» **TASK PROMPT**: Repeat the records below verbatim, and do not copy their pictures.

** MATERIAL FOR THE TASK follows **

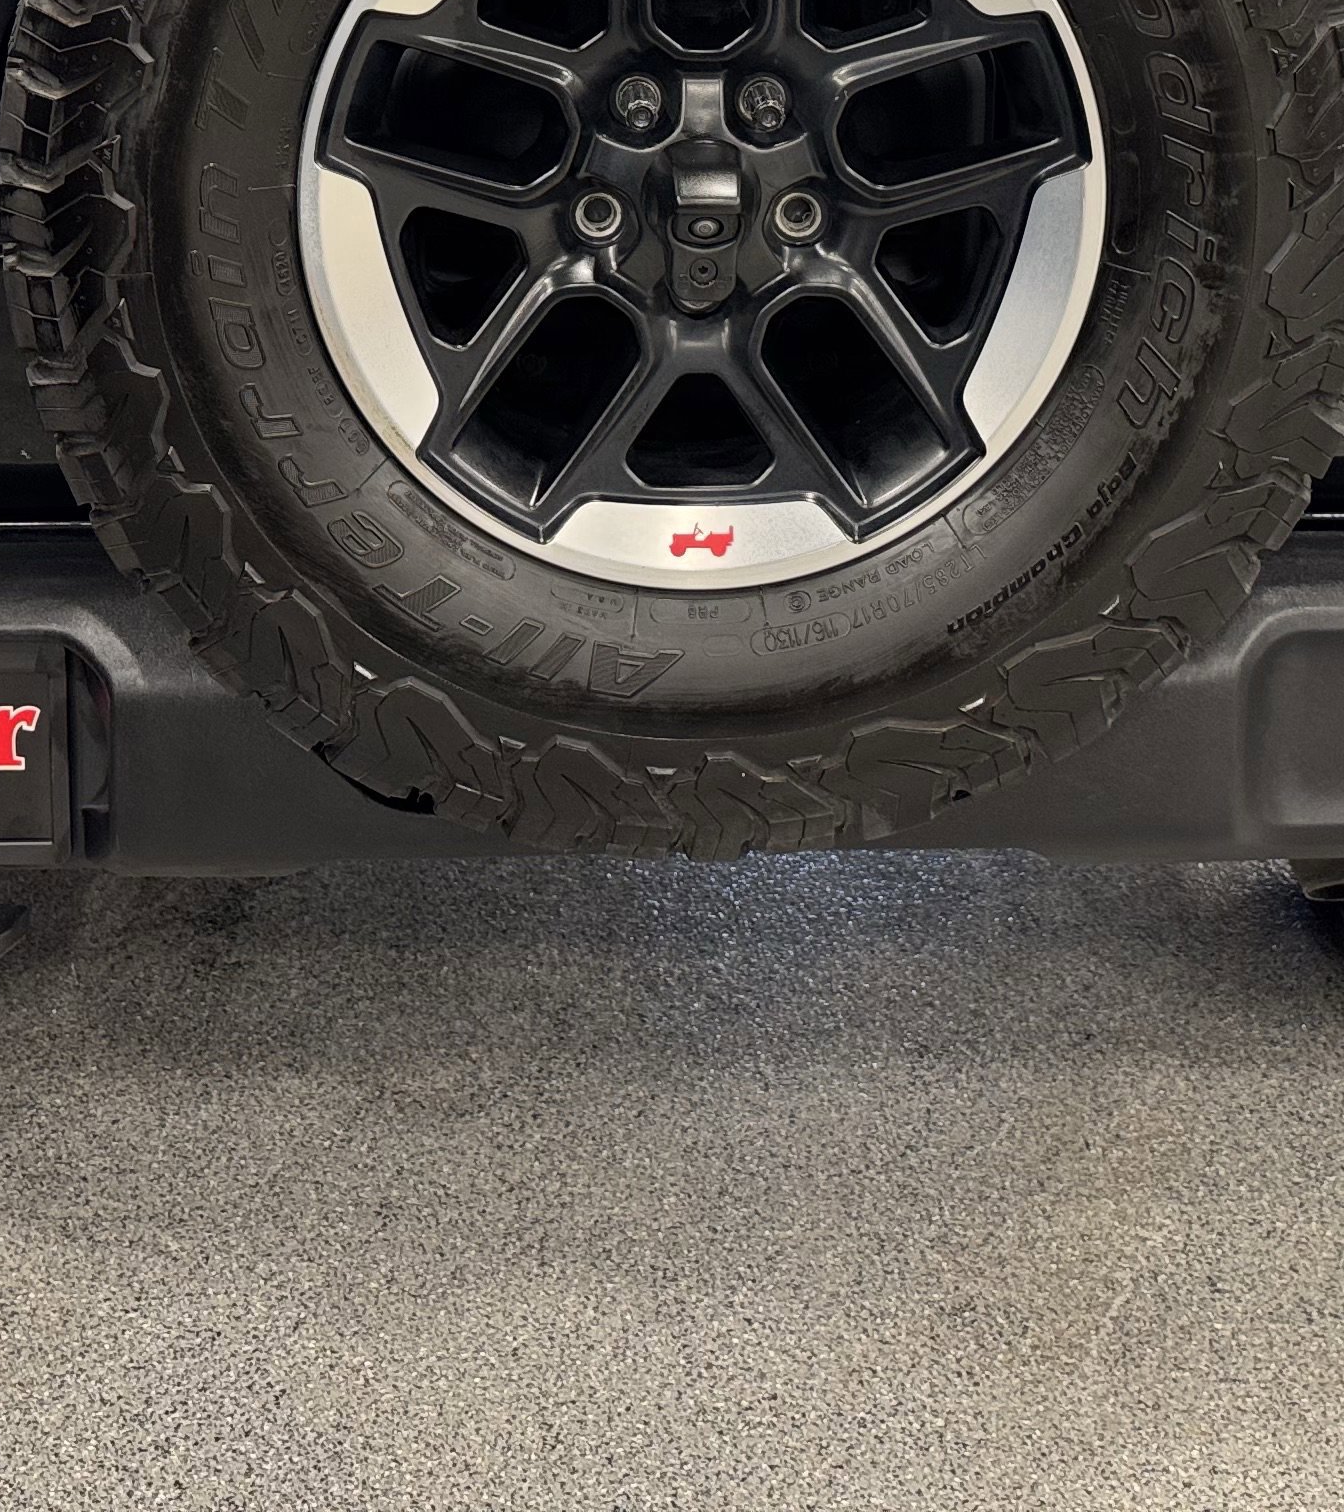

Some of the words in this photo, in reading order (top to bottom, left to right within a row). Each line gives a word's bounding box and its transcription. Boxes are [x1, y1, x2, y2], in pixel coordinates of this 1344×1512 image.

[1086, 451, 1138, 519] Baja
[886, 540, 935, 576] LOAD
[947, 521, 1085, 634] Champion
[817, 568, 881, 603] RANGE
[852, 543, 988, 629] LT285/70R17
[764, 617, 840, 653] 116/113Q

** End of MATERIAL FOR THE TASK **

» **TASK ANSWER**:
Some of the words in this photo, in reading order (top to bottom, left to right within a row). Each line gives a word's bounding box and its transcription. Boxes are [x1, y1, x2, y2], in pixel coordinates of this 1344×1512 image.

[1086, 451, 1138, 519] Baja
[886, 540, 935, 576] LOAD
[947, 521, 1085, 634] Champion
[817, 568, 881, 603] RANGE
[852, 543, 988, 629] LT285/70R17
[764, 617, 840, 653] 116/113Q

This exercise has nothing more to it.